ASM - confusion about Wildcard, Selective, All Entities
Regarding the "Explicit Entities Learning" in ASM 11.6, i am failing to understand "Selective" case.
I understood that:
- Wildcard, the policy will include only a *
- Selective, ???
- Full Entities, the policy will enforce all entities after all loosing/tightening period.
What about Selective? I am confused what it means and when it is used.... Can you please provide an example?
The manual encrypted definition is:
Never (wildcard only)Specifies that when false positives occur, the system suggests relaxing the settings of the wildcard. This option results in a security policy that is easy to manage, but is not as strict. If Policy Builder is running, it does not add explicit entities that match a wildcard to the security policy. The wildcard entity remains in the security policy. The Policy Builder changes the attributes of any matched wildcard. If not running, Policy Builder suggests changing the attributes of matched wildcard entities, but does not suggest you add explicit entities that match the wildcard entity.

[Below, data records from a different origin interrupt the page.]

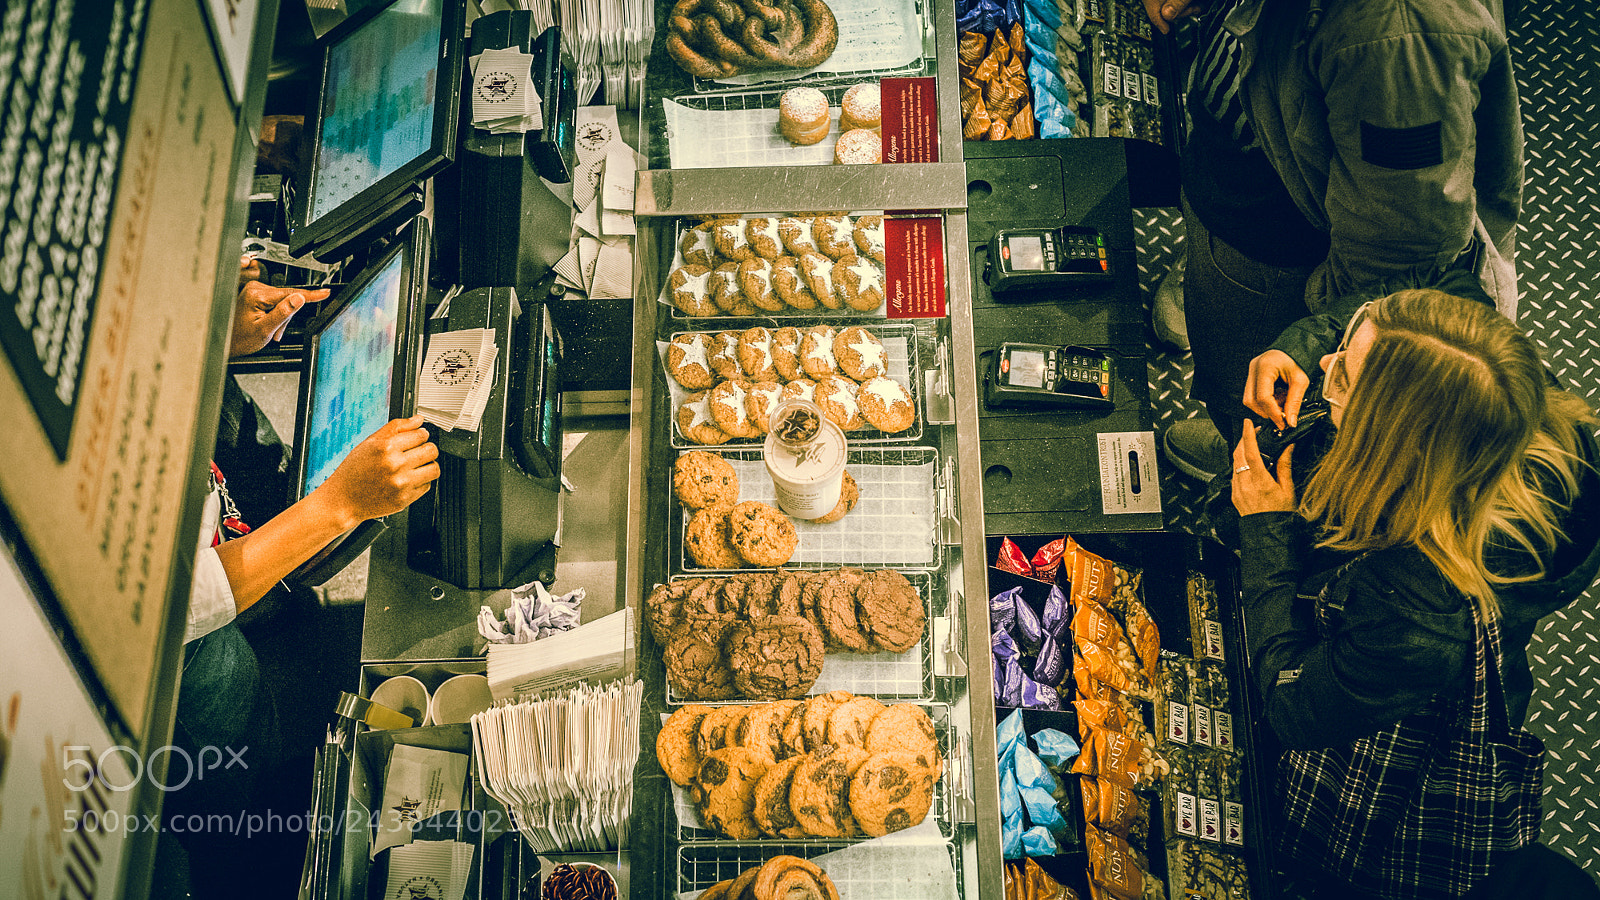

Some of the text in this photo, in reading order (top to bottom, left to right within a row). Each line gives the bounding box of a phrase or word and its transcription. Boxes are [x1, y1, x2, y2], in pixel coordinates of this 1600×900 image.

[1089, 561, 1103, 597] NUT
[1209, 623, 1218, 635] BAR
[1173, 705, 1183, 718] BAR
[1198, 708, 1207, 721] BAR
[1218, 714, 1228, 727] BAR
[1116, 790, 1126, 821] NUT
[1181, 796, 1191, 809] BAR
[1204, 802, 1214, 815] BAR
[1229, 804, 1239, 818] BAR

SelectiveApplies only to * wildcard entity. When false positives occur, adds an explicit entity with relaxed settings. This option serves as a good balance between security, policy size, and ease of maintenance. If Policy Builder is running, it adds explicit entities that do not match the attributes of the * wildcard, and does not remove the * wildcard. If Policy Builder is not running, the system suggests adding explicit entities that match the * wildcard. (Option not applicable to Redirection Domains.)
Add All EntitiesCreates a comprehensive whitelist policy that includes all web site entities. This option results in a large, more granular configuration with stricter security. If Policy Builder is running, it adds explicit entities that match a wildcard to the security policy. When the security policy is stable, the * wildcard is removed. If Policy Builder is not running, the system suggests adding explicit entities that match the wildcard.